Task objective:
All the lines below need to be output exactly, apart from any images.

Listed entries:
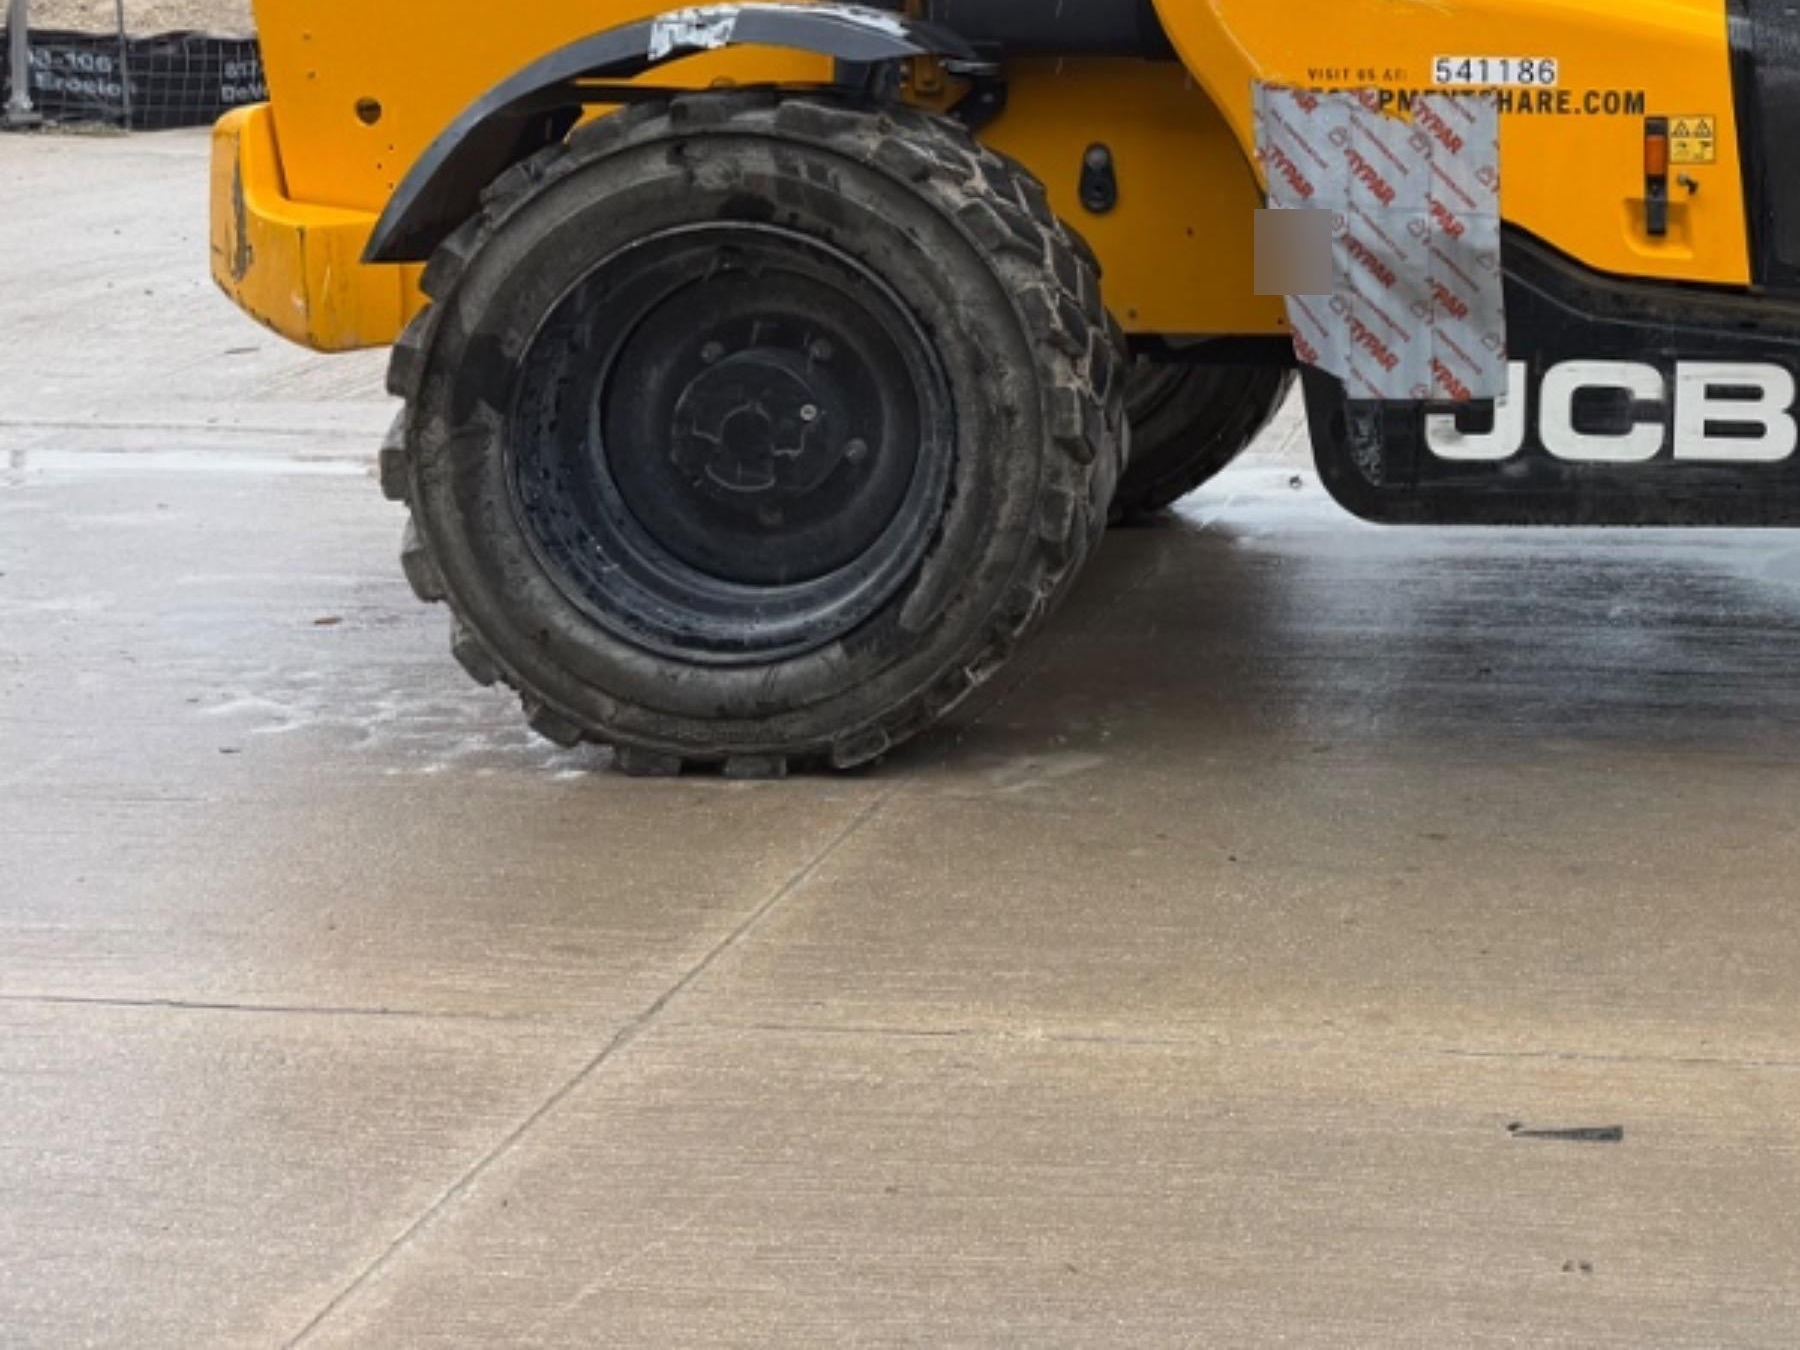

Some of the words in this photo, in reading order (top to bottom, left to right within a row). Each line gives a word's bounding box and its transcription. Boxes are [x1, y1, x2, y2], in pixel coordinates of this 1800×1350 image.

[1307, 66, 1349, 82] VISIT
[1435, 59, 1556, 84] 541186
[1344, 147, 1396, 207] TYPAR
[1345, 313, 1398, 372] TYPAR
[1422, 359, 1797, 463] JCB
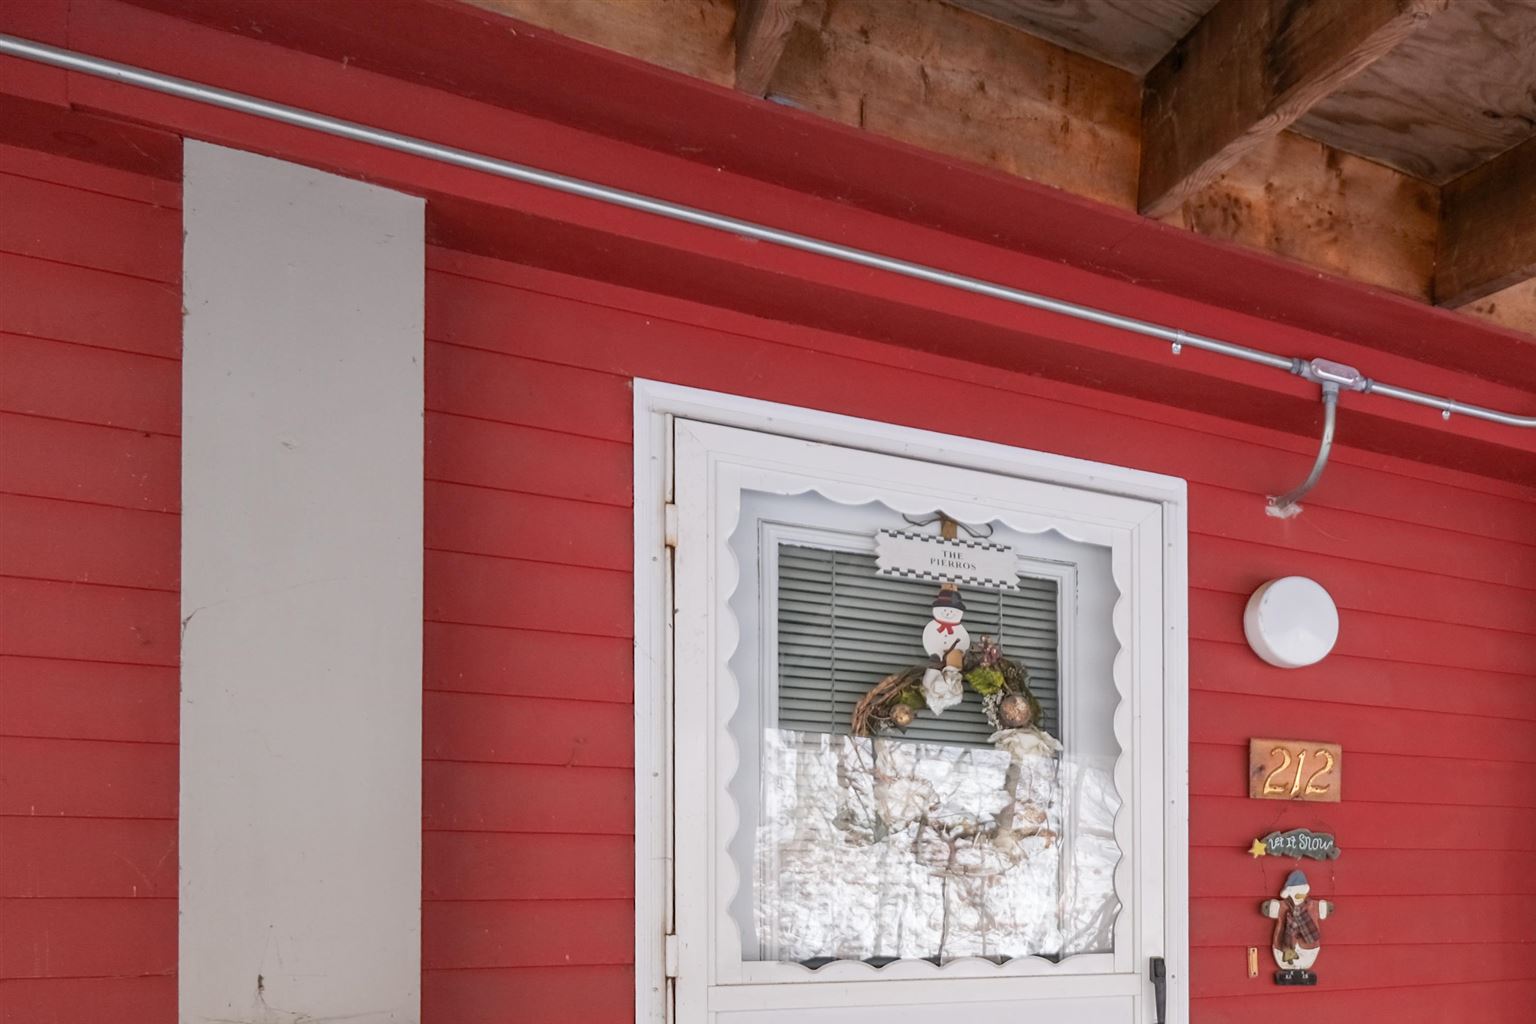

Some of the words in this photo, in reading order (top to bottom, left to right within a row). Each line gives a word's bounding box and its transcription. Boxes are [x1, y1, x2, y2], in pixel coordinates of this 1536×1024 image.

[943, 551, 964, 559] THE
[930, 558, 977, 570] PIERROS
[1263, 746, 1334, 795] 212
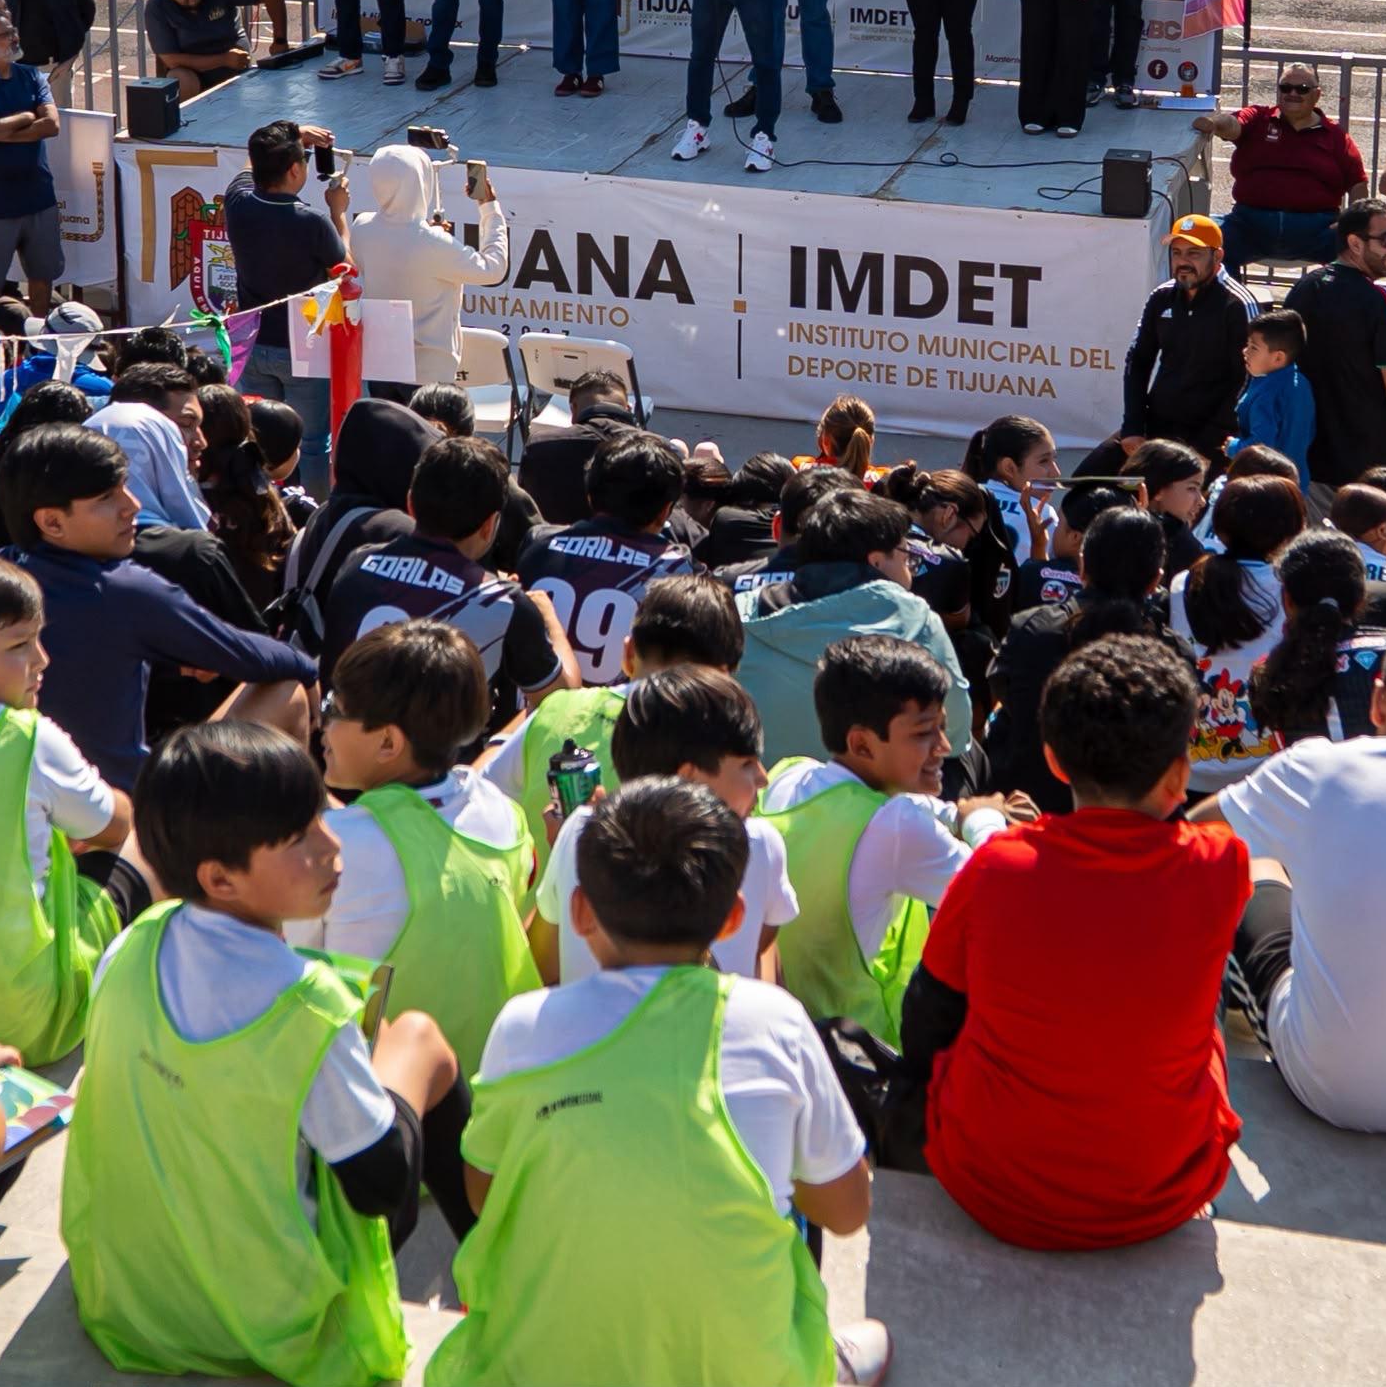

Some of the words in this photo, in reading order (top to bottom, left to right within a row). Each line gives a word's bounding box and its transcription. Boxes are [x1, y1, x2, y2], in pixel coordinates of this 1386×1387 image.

[850, 7, 909, 26] IMDET
[464, 223, 695, 305] UANA
[790, 245, 1043, 328] IMDET
[462, 293, 630, 327] UNTAMIENTO
[788, 322, 909, 353] INSTITUTO
[918, 334, 1061, 366] MUNICIPAL
[1070, 347, 1116, 371] DEL
[788, 355, 897, 385] DEPORTE
[907, 366, 938, 389] DE
[946, 369, 1057, 399] TIJUANA
[548, 535, 651, 567] GORILAS
[360, 554, 465, 596] GORILAS
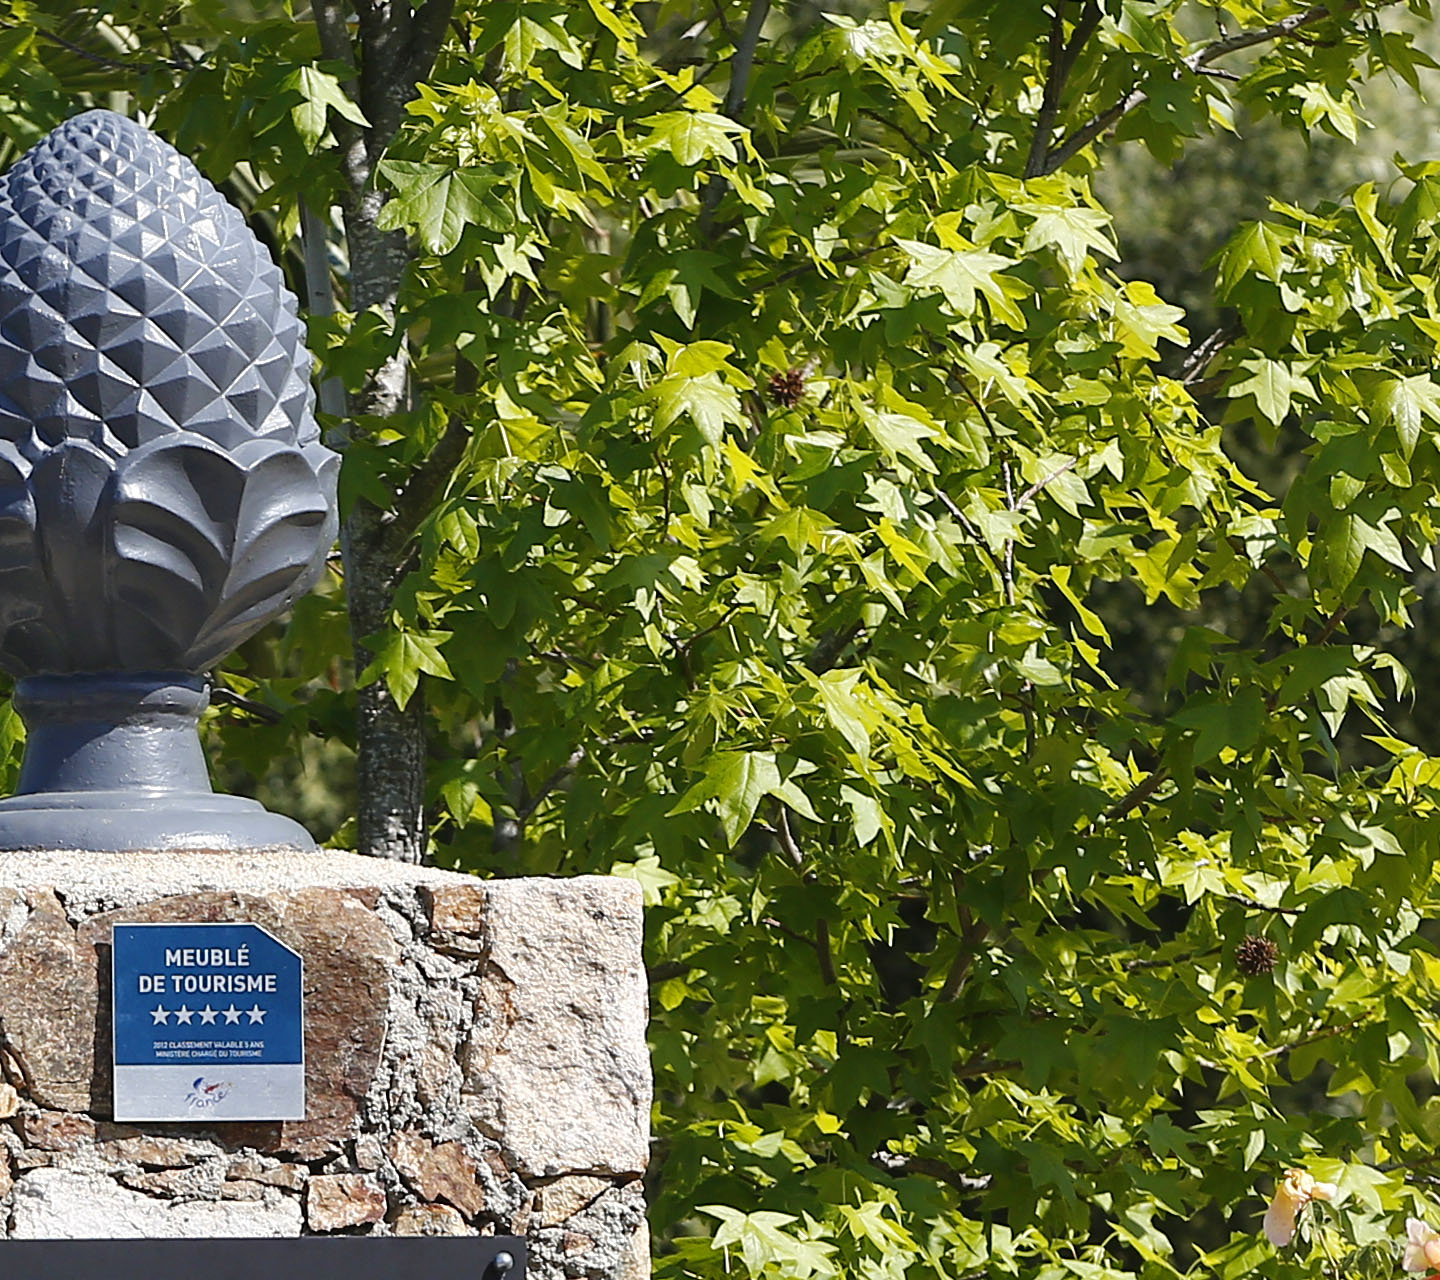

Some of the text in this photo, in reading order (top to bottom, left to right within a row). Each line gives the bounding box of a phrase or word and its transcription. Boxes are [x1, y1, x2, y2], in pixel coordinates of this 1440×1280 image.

Exercise output:
Some of the words in this photo, in reading order (top to bottom, left to right within a row). Each line gives a word's bounding box and its transcription. Boxes are [x1, y1, x2, y2], in pixel coordinates of this 1800×1350 image.

[1307, 66, 1349, 82] VISIT
[1435, 59, 1556, 84] 541186
[1344, 147, 1396, 207] TYPAR
[1345, 313, 1398, 372] TYPAR
[1422, 359, 1797, 463] JCB

Some of the words in this photo, in reading order (top to bottom, left to right within a row). Each line gives a word's bounding box and its transcription. Boxes are [x1, y1, x2, y2], in pixel coordinates of this 1536×1024 image.

[943, 551, 964, 559] THE
[930, 558, 977, 570] PIERROS
[1263, 746, 1334, 795] 212

Some of the words in this photo, in reading order (top to bottom, left to right within a row). Each line gives a word's bounding box and its transcription. Boxes are [x1, y1, x2, y2], in pixel coordinates of this 1386×1387 image.

[850, 7, 909, 26] IMDET
[464, 223, 695, 305] UANA
[790, 245, 1043, 328] IMDET
[462, 293, 630, 327] UNTAMIENTO
[788, 322, 909, 353] INSTITUTO
[918, 334, 1061, 366] MUNICIPAL
[1070, 347, 1116, 371] DEL
[788, 355, 897, 385] DEPORTE
[907, 366, 938, 389] DE
[946, 369, 1057, 399] TIJUANA
[548, 535, 651, 567] GORILAS
[360, 554, 465, 596] GORILAS

Some of the text in this photo, in reading order (top to bottom, left to right within a row). Each line gives the bounding box of a phrase or word and its transcription. Boxes are [x1, y1, x2, y2], in pixel coordinates of this 1440×1280 image.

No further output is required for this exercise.